Crypto and broader markets faced renewed volatility as tensions between the United States and Iran intensified, sending oil prices fluctuating and risk appetite shifting. The week’s escalation comes amid a backdrop of macro uncertainty and a fragile risk-off mood that has influenced how traders view Bitcoin and other digital assets.

President Donald Trump posted on Truth Social that the U.S. would “hit and obliterate” Iranian power plants if Tehran did not open the Strait of Hormuz within 48 hours, a warning that drew immediate responses from Iran about retaliation against U.S. and Israeli targets in the Gulf and potential closure of the strategic chokepoint. The standoff has kept investors on edge as markets weigh potential disruptions to energy flows and the global geopolitical risk premium.

Bitcoin slipped 1.8% over the past 24 hours to around $68,160 after earlier dipping below $67,600, with a notable surge in liquidations across the crypto space. Data from CoinGlass showed about $336.3 million in liquidations in the last day, driven in part by a large chunk of the activity—roughly $100 million—stemming from failed Bitcoin long bets. The move underscores how crypto markets are currently behaving in tandem with broader risk-off dynamics rather than acting as a pure safe haven.

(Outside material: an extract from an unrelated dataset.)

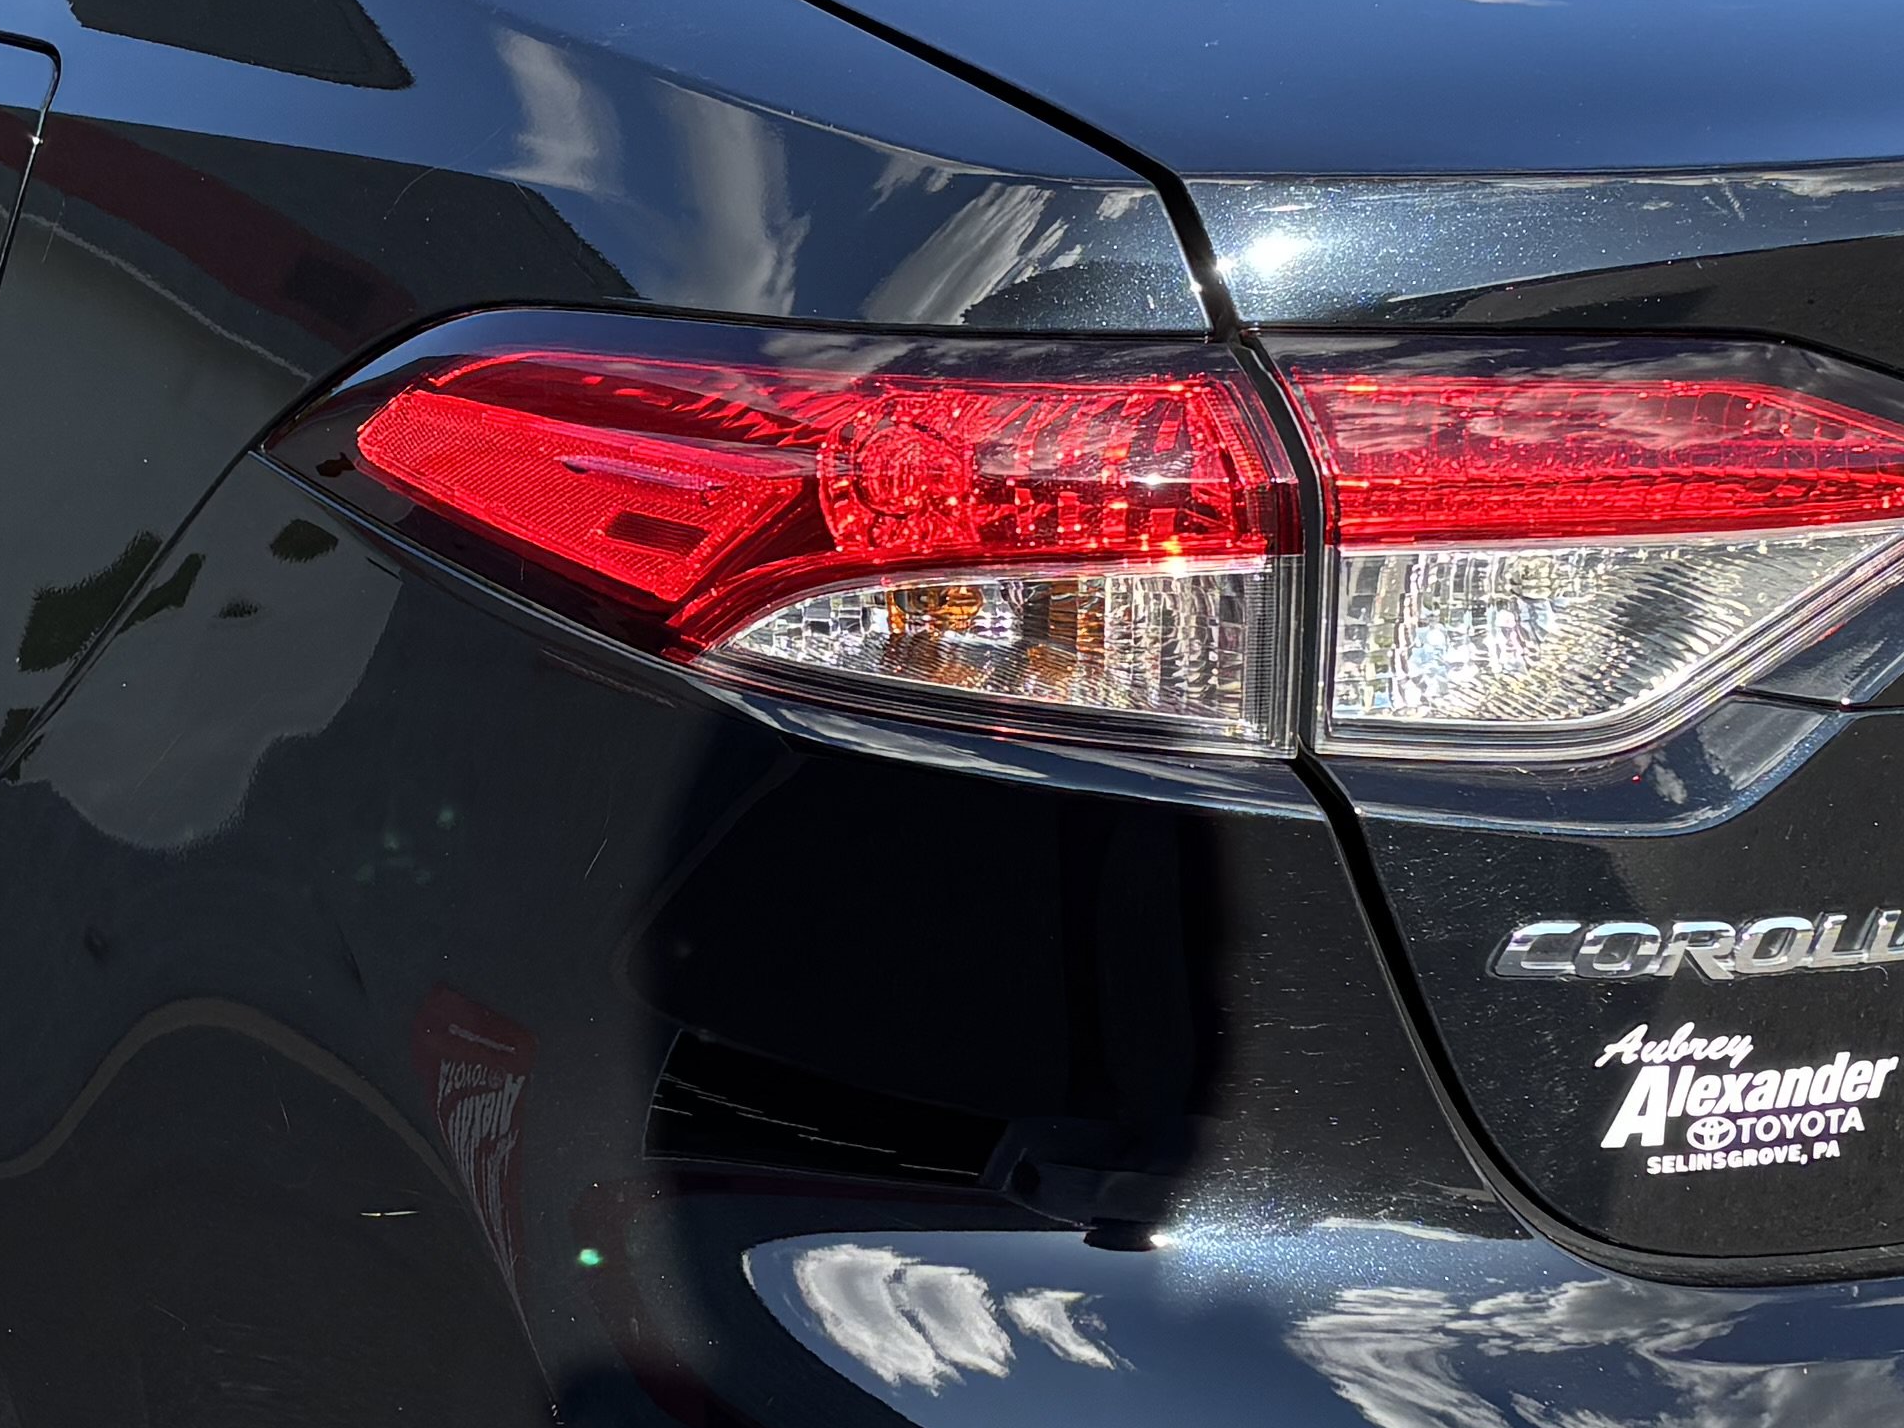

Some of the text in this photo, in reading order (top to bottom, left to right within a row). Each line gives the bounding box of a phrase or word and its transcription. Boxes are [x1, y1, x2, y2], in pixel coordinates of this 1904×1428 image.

Analysts have observed that crypto prices have been correlated with equities as geopolitical risk and macro cues influence investor behavior. “Crypto is trading in lockstep with equities right now, not as a haven, and sentiment is sitting at historic lows, with the Fear and Greed Index deep in ‘extreme fear’ territory at 8,” said Rachael Lucas, an analyst at the crypto exchange BTC Markets.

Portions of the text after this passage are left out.